(Beginning of Provided data)

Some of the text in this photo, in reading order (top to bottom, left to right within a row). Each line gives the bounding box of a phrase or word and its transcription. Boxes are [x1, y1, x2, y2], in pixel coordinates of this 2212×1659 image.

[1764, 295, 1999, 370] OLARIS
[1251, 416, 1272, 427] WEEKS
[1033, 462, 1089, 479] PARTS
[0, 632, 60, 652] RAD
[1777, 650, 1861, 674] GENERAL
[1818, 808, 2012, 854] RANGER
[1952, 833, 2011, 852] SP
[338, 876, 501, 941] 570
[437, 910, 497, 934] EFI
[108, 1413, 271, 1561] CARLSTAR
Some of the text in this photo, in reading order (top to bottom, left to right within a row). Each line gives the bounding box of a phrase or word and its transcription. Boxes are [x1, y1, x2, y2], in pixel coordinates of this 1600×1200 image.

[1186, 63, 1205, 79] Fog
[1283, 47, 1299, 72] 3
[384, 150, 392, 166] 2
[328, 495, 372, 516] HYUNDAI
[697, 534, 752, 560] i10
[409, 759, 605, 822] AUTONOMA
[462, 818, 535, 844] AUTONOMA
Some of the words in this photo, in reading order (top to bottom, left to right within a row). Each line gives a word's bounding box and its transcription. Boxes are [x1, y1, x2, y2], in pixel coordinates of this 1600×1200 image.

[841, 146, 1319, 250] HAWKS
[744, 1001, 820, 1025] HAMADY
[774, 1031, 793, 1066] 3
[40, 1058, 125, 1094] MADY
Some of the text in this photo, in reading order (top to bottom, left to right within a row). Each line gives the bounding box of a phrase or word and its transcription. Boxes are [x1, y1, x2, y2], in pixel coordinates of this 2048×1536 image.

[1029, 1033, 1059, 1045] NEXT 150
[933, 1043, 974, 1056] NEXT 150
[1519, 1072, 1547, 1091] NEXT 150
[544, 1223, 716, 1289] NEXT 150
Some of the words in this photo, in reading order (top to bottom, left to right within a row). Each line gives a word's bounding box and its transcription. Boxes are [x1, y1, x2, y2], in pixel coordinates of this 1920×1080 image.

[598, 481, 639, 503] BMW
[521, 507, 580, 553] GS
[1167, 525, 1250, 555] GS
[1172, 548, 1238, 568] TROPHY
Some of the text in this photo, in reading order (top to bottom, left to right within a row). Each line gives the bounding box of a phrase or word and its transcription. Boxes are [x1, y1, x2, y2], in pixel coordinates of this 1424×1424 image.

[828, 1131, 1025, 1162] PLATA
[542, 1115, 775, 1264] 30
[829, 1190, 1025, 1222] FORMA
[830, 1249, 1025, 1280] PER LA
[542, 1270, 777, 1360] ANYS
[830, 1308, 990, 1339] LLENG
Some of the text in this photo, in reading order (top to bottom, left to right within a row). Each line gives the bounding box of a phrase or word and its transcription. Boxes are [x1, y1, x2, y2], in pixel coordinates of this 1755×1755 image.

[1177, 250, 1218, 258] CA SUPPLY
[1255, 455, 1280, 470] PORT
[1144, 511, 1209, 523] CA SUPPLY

(End of Provided data)

**What you should do**
All records should be written out again exactly as given.

**Task result**
Some of the text in this photo, in reading order (top to bottom, left to right within a row). Each line gives the bounding box of a phrase or word and its transcription. Boxes are [x1, y1, x2, y2], in pixel coordinates of this 2212×1659 image.

[1764, 295, 1999, 370] OLARIS
[1251, 416, 1272, 427] WEEKS
[1033, 462, 1089, 479] PARTS
[0, 632, 60, 652] RAD
[1777, 650, 1861, 674] GENERAL
[1818, 808, 2012, 854] RANGER
[1952, 833, 2011, 852] SP
[338, 876, 501, 941] 570
[437, 910, 497, 934] EFI
[108, 1413, 271, 1561] CARLSTAR
Some of the text in this photo, in reading order (top to bottom, left to right within a row). Each line gives the bounding box of a phrase or word and its transcription. Boxes are [x1, y1, x2, y2], in pixel coordinates of this 1600×1200 image.

[1186, 63, 1205, 79] Fog
[1283, 47, 1299, 72] 3
[384, 150, 392, 166] 2
[328, 495, 372, 516] HYUNDAI
[697, 534, 752, 560] i10
[409, 759, 605, 822] AUTONOMA
[462, 818, 535, 844] AUTONOMA
Some of the words in this photo, in reading order (top to bottom, left to right within a row). Each line gives a word's bounding box and its transcription. Boxes are [x1, y1, x2, y2], in pixel coordinates of this 1600×1200 image.

[841, 146, 1319, 250] HAWKS
[744, 1001, 820, 1025] HAMADY
[774, 1031, 793, 1066] 3
[40, 1058, 125, 1094] MADY
Some of the text in this photo, in reading order (top to bottom, left to right within a row). Each line gives the bounding box of a phrase or word and its transcription. Boxes are [x1, y1, x2, y2], in pixel coordinates of this 2048×1536 image.

[1029, 1033, 1059, 1045] NEXT 150
[933, 1043, 974, 1056] NEXT 150
[1519, 1072, 1547, 1091] NEXT 150
[544, 1223, 716, 1289] NEXT 150
Some of the words in this photo, in reading order (top to bottom, left to right within a row). Each line gives a word's bounding box and its transcription. Boxes are [x1, y1, x2, y2], in pixel coordinates of this 1920×1080 image.

[598, 481, 639, 503] BMW
[521, 507, 580, 553] GS
[1167, 525, 1250, 555] GS
[1172, 548, 1238, 568] TROPHY
Some of the text in this photo, in reading order (top to bottom, left to right within a row). Each line gives the bounding box of a phrase or word and its transcription. Boxes are [x1, y1, x2, y2], in pixel coordinates of this 1424×1424 image.

[828, 1131, 1025, 1162] PLATA
[542, 1115, 775, 1264] 30
[829, 1190, 1025, 1222] FORMA
[830, 1249, 1025, 1280] PER LA
[542, 1270, 777, 1360] ANYS
[830, 1308, 990, 1339] LLENG
Some of the text in this photo, in reading order (top to bottom, left to right within a row). Each line gives the bounding box of a phrase or word and its transcription. Boxes are [x1, y1, x2, y2], in pixel coordinates of this 1755×1755 image.

[1177, 250, 1218, 258] CA SUPPLY
[1255, 455, 1280, 470] PORT
[1144, 511, 1209, 523] CA SUPPLY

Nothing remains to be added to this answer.